Enrico Letta, Doyen de l’École des Affaires internationales de Sciences Po Paris,
Président de l’Institut Jacques Delors,
Président d’APS

Paru dans La revue des juristes de Sciences Po, n°19, Octobre 2020.

La Revue des Juristes de Sciences Po : Bonjour Enrico Letta, quel regard portez-vous sur la crise que traverse l’UE aujourd’hui ?

Enrico Letta : Il est clair que la crise du Covid-19 nous touche tous et qu’elle affecte à ce titre le multilatéralisme et donc inévitablement l’Union européenne (UE). Il s’agit d’un défi très difficile et compliqué à relever, s’inscrivant dans les grandes épreuves qu’a connues l’Europe. D’une part, cette crise arrive après quatre autres grandes crises intervenues dans la même décennie : la crise financière de 2008-2012, la crise du terrorisme islamique, la crise de l’accueil des réfugiés et la crise du Brexit. Le Covid-19 en constitue par conséquent la cinquième. D’autre part, l’UE étant un acteur global, elle subit la crise générale que rencontre le multilatéralisme. La difficulté et la complexité du défi découlent précisément de ce que l’UE est une enceinte multilatérale dans un environnement global dans lequel ce mode d’organisation des relations interétatiques entre en crise.

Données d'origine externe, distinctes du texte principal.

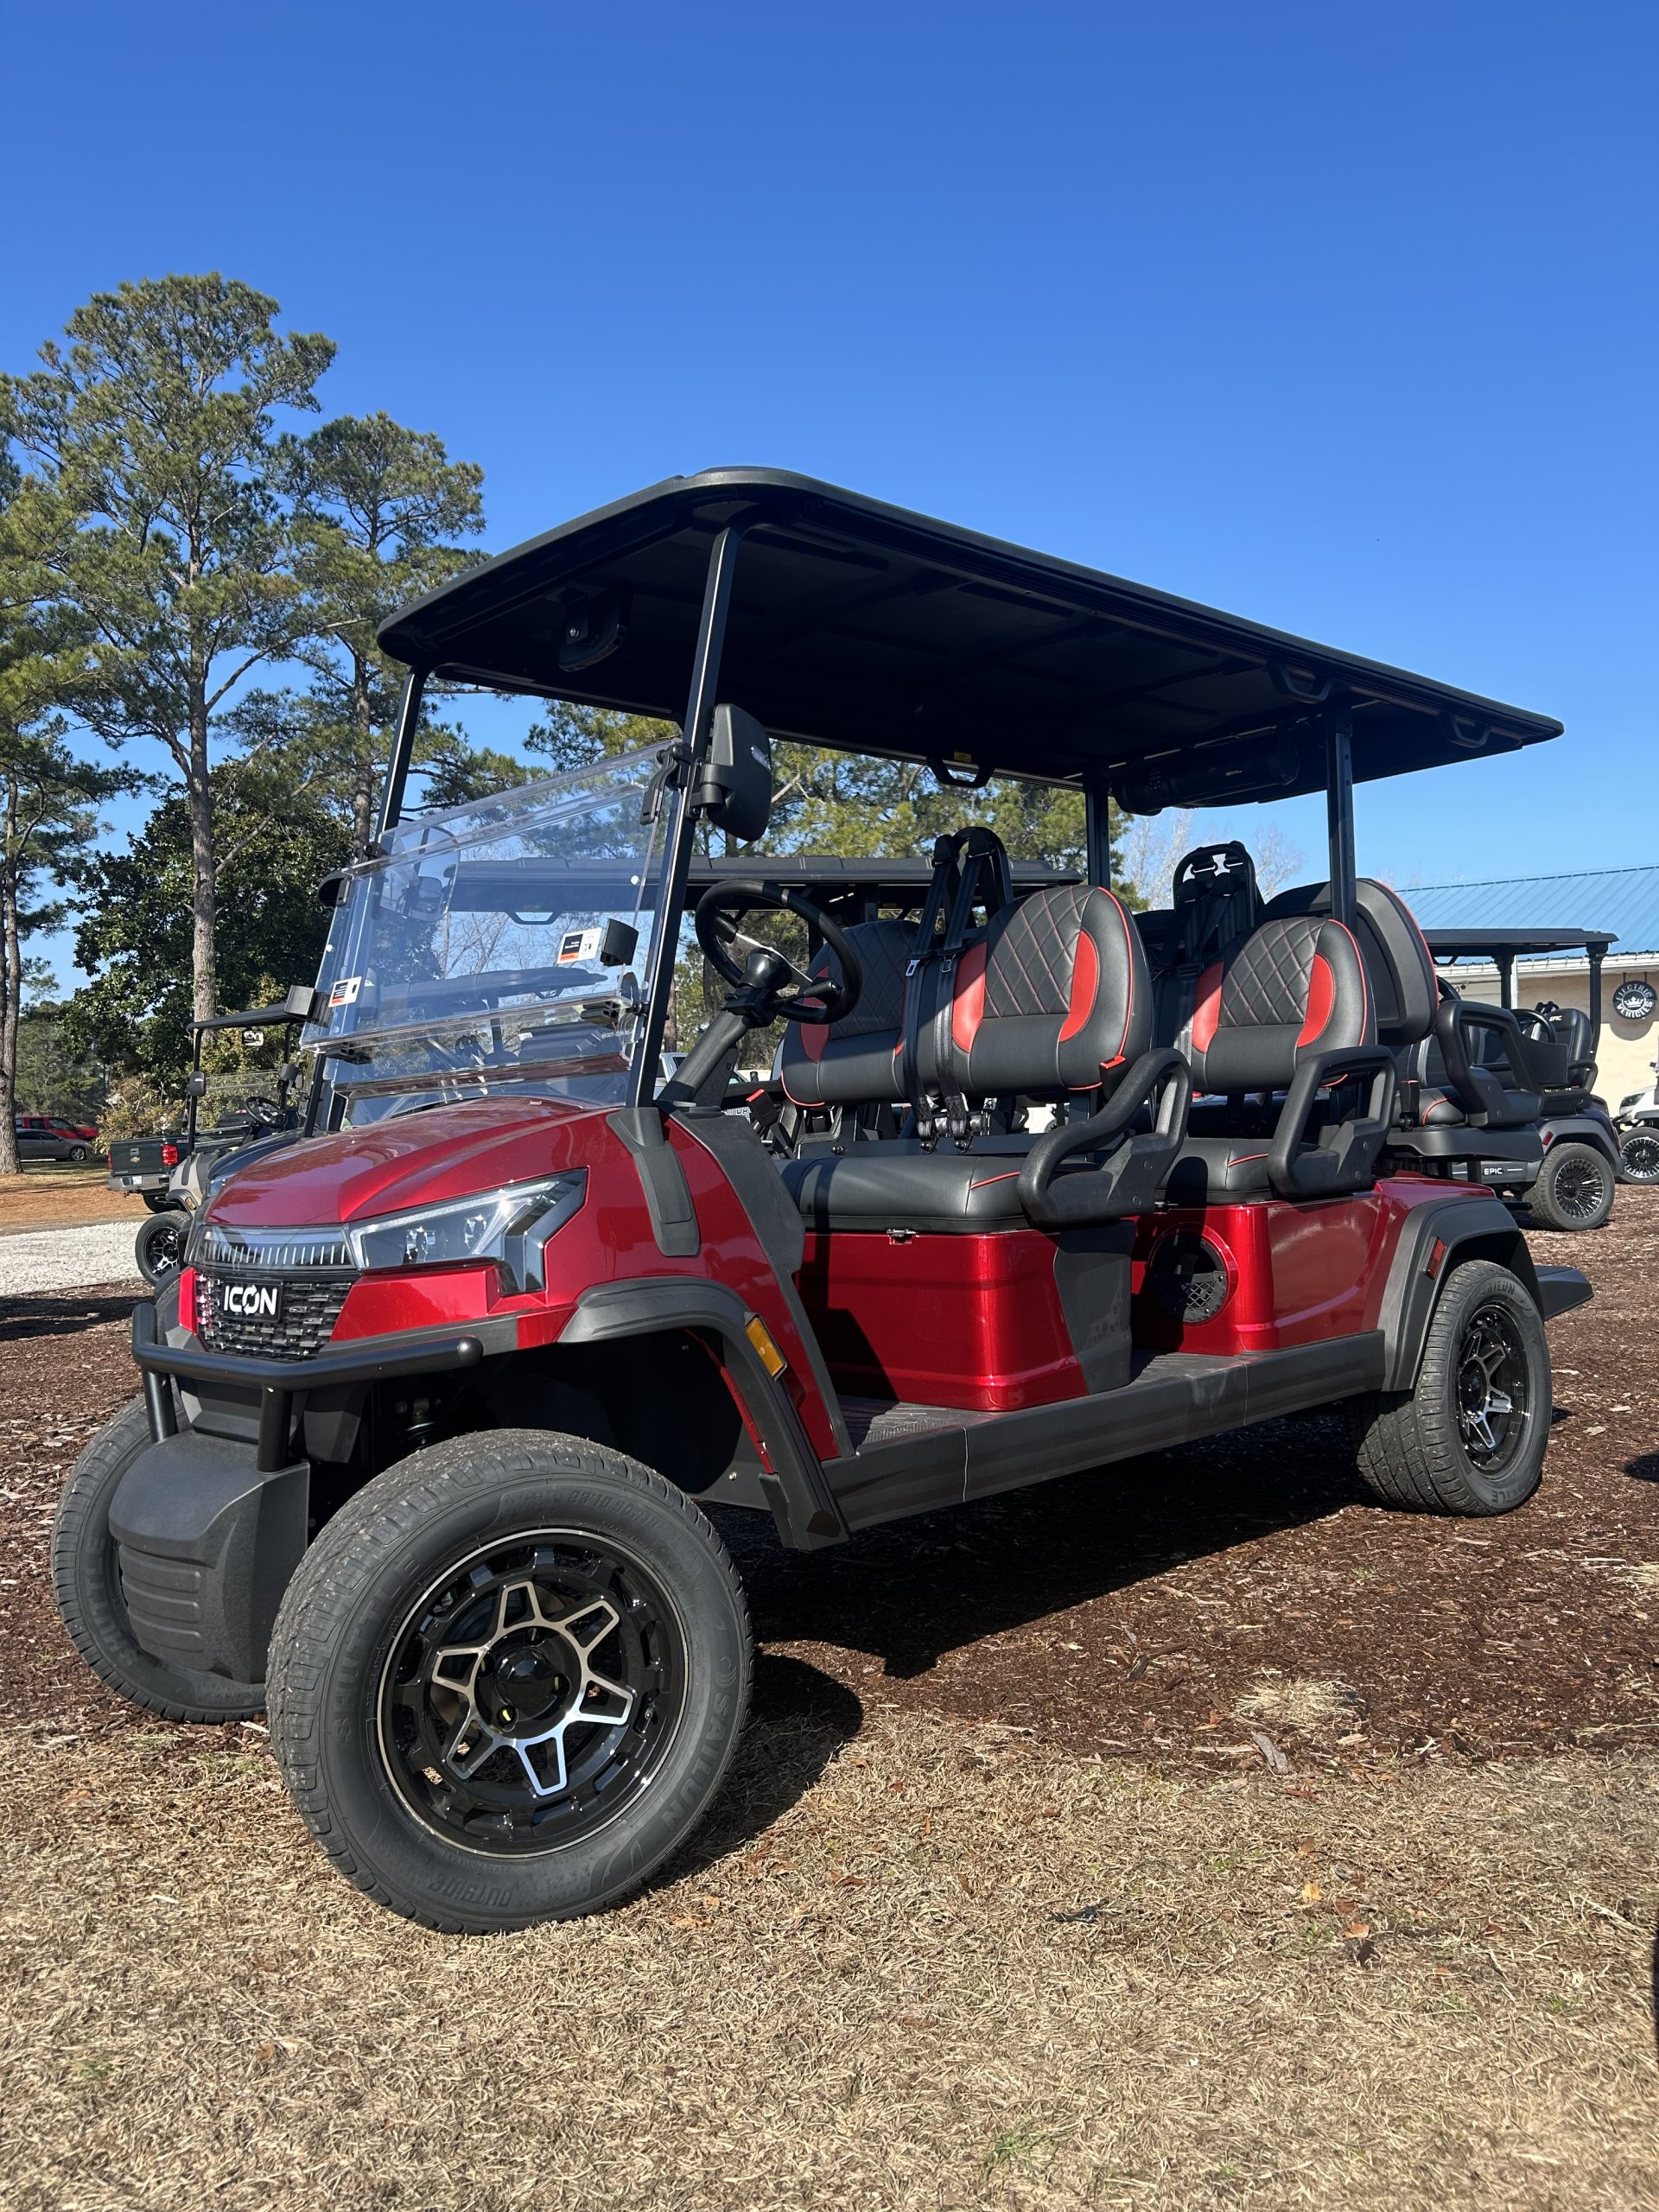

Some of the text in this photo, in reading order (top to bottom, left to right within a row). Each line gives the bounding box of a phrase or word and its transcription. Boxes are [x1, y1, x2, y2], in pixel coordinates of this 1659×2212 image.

[1617, 1001, 1653, 1018] VEHICLES
[224, 1284, 277, 1315] ICON
[331, 1553, 422, 1743] SHUTTLE
[661, 1693, 732, 1833] SAILUN

RJSP : Ces différentes tensions, n’ont-elles pas comme dénominateur commun : l’absence d’une souveraineté européenne ?

E.L : Oui, je partage l’idée qu’une souveraineté européenne puisse être la bonne solution. Je soutiens cette idée parce que toutes ces questions de « take back control », rendues fortes au Royaume-Uni par le Brexit et aux États-Unis, trouvent leur source dans un sentiment de perte de contrôle sur nos sociétés. Or ce sentiment ne provient pas de l’Europe mais du numérique, de la globalisation et de l’hyperconnectivité qui mettent les États en difficulté. Une souveraineté européenne serait donc un moyen pour les États de « take control », même si ce contrôle sera partagé.

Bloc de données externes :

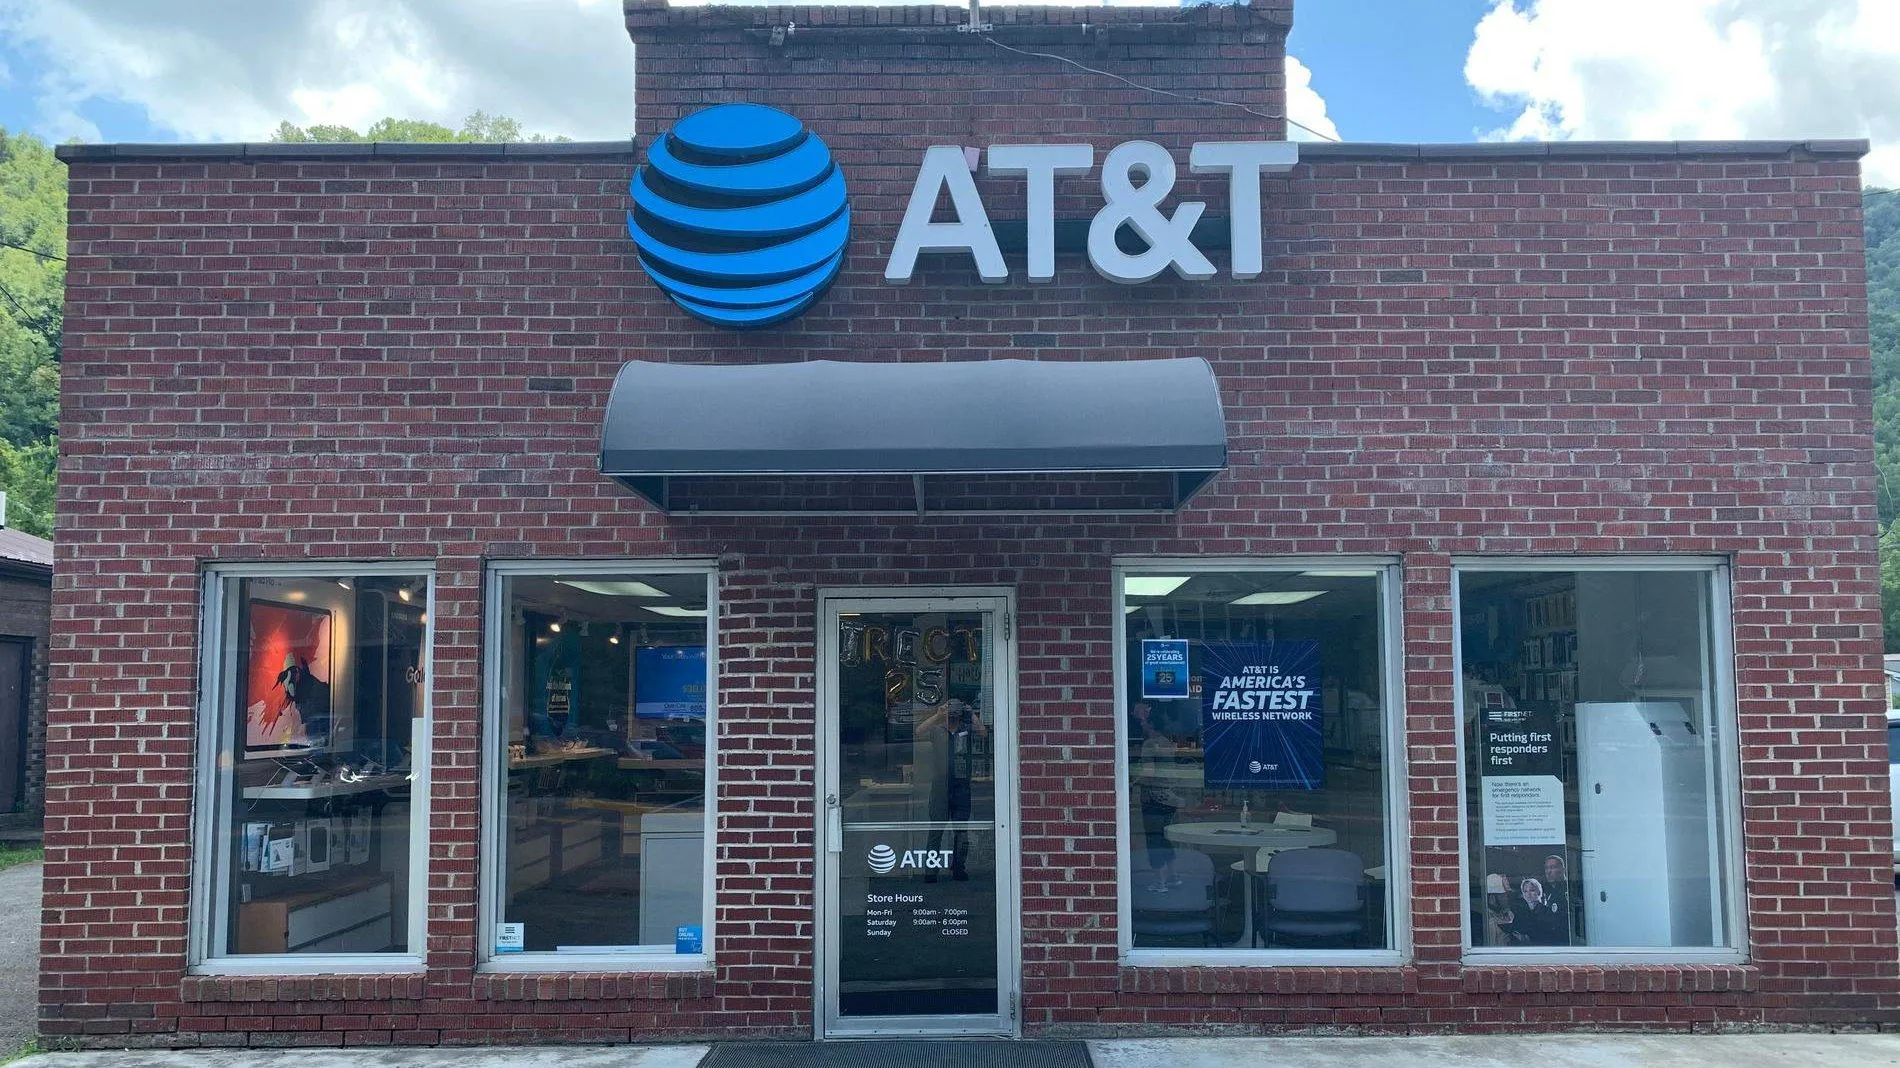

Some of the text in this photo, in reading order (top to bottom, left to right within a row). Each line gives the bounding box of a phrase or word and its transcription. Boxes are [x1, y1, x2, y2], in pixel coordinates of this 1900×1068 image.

RJSP : Il s’agit d’une vision un peu à contre-courant car on se souvient de Boris Johnson ou de Nigel Farage qui disaient que justement seule la souveraineté nationale permettrait de reprendre le contrôle.

E.L : Je pense qu’il s’agit d’une erreur liée à l’absence de prise en compte du changement de la dimension du monde. Entre 1950 et 2050, soit en l’espace d’un siècle, le changement le plus important de l’histoire de notre monde interviendra avec la population mondiale passant de 2.5 à 10 milliards de personnes ; soit une multiplication par quatre. En revanche, la population européenne restant sensiblement la même, sa part dans la population globale diminuera de 1/5e à 1/20e. Or l’idée selon laquelle la souveraineté doit être maintenue au niveau national ne tient pas compte de cette évolution pourtant fondamentale. A titre d’exemple, le Royaume-Uni, la France ou l’Italie figuraient parmi les grands pays du monde tandis qu’ils ne seront plus que des pays de taille moyenne en 2050. Face à ce changement radical, le seul moyen pour préserver une influence à travers le monde consiste à s’unifier afin que l’Europe occupe la place que les pays européens avaient jadis seuls.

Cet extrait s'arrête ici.